Data to process Block Start

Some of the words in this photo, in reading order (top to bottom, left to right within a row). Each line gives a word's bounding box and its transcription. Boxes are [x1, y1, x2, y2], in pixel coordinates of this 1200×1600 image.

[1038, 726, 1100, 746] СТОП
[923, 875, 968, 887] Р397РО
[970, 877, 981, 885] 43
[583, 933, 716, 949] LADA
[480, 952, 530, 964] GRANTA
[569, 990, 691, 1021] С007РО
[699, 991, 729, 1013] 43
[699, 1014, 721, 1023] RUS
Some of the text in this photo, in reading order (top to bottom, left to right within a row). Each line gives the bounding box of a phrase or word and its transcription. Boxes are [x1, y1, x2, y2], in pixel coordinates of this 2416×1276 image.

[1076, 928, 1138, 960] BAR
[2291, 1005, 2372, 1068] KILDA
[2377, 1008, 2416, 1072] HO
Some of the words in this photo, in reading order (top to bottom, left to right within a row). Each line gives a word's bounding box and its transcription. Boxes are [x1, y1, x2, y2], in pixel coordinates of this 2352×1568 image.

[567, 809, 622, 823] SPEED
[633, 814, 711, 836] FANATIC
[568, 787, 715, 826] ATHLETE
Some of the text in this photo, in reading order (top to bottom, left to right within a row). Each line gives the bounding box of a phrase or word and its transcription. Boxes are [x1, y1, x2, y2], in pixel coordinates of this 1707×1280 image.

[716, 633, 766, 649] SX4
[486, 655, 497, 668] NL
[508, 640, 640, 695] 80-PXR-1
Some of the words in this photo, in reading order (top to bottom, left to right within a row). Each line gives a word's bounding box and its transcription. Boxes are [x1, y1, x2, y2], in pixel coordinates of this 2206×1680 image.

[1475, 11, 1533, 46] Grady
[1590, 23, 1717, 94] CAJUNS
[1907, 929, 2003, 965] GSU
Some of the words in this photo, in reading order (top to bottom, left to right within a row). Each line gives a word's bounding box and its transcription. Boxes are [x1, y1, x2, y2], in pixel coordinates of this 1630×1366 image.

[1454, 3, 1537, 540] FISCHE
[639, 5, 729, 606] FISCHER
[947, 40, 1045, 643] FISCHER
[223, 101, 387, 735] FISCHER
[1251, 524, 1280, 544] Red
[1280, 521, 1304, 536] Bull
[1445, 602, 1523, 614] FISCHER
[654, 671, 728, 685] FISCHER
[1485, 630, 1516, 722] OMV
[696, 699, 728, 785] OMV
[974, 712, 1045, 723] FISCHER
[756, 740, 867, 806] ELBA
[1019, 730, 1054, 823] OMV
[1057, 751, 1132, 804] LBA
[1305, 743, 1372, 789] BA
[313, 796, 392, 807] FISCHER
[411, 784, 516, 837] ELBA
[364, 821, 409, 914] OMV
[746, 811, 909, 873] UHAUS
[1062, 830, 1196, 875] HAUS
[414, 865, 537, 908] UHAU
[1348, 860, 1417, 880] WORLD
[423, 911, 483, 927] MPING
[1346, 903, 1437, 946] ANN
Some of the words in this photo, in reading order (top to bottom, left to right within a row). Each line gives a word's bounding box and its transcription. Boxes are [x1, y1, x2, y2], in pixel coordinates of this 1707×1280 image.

Data to process Block End

Task directions -> Return the listing verbatim.

Result for this task ->
Some of the words in this photo, in reading order (top to bottom, left to right within a row). Each line gives a word's bounding box and its transcription. Boxes are [x1, y1, x2, y2], in pixel coordinates of this 1200×1600 image.

[1038, 726, 1100, 746] СТОП
[923, 875, 968, 887] Р397РО
[970, 877, 981, 885] 43
[583, 933, 716, 949] LADA
[480, 952, 530, 964] GRANTA
[569, 990, 691, 1021] С007РО
[699, 991, 729, 1013] 43
[699, 1014, 721, 1023] RUS
Some of the text in this photo, in reading order (top to bottom, left to right within a row). Each line gives the bounding box of a phrase or word and its transcription. Boxes are [x1, y1, x2, y2], in pixel coordinates of this 2416×1276 image.

[1076, 928, 1138, 960] BAR
[2291, 1005, 2372, 1068] KILDA
[2377, 1008, 2416, 1072] HO
Some of the words in this photo, in reading order (top to bottom, left to right within a row). Each line gives a word's bounding box and its transcription. Boxes are [x1, y1, x2, y2], in pixel coordinates of this 2352×1568 image.

[567, 809, 622, 823] SPEED
[633, 814, 711, 836] FANATIC
[568, 787, 715, 826] ATHLETE
Some of the text in this photo, in reading order (top to bottom, left to right within a row). Each line gives the bounding box of a phrase or word and its transcription. Boxes are [x1, y1, x2, y2], in pixel coordinates of this 1707×1280 image.

[716, 633, 766, 649] SX4
[486, 655, 497, 668] NL
[508, 640, 640, 695] 80-PXR-1
Some of the words in this photo, in reading order (top to bottom, left to right within a row). Each line gives a word's bounding box and its transcription. Boxes are [x1, y1, x2, y2], in pixel coordinates of this 2206×1680 image.

[1475, 11, 1533, 46] Grady
[1590, 23, 1717, 94] CAJUNS
[1907, 929, 2003, 965] GSU
Some of the words in this photo, in reading order (top to bottom, left to right within a row). Each line gives a word's bounding box and its transcription. Boxes are [x1, y1, x2, y2], in pixel coordinates of this 1630×1366 image.

[1454, 3, 1537, 540] FISCHE
[639, 5, 729, 606] FISCHER
[947, 40, 1045, 643] FISCHER
[223, 101, 387, 735] FISCHER
[1251, 524, 1280, 544] Red
[1280, 521, 1304, 536] Bull
[1445, 602, 1523, 614] FISCHER
[654, 671, 728, 685] FISCHER
[1485, 630, 1516, 722] OMV
[696, 699, 728, 785] OMV
[974, 712, 1045, 723] FISCHER
[756, 740, 867, 806] ELBA
[1019, 730, 1054, 823] OMV
[1057, 751, 1132, 804] LBA
[1305, 743, 1372, 789] BA
[313, 796, 392, 807] FISCHER
[411, 784, 516, 837] ELBA
[364, 821, 409, 914] OMV
[746, 811, 909, 873] UHAUS
[1062, 830, 1196, 875] HAUS
[414, 865, 537, 908] UHAU
[1348, 860, 1417, 880] WORLD
[423, 911, 483, 927] MPING
[1346, 903, 1437, 946] ANN
Some of the words in this photo, in reading order (top to bottom, left to right within a row). Each line gives a word's bounding box and its transcription. Boxes are [x1, y1, x2, y2], in pixel coordinates of this 1707×1280 image.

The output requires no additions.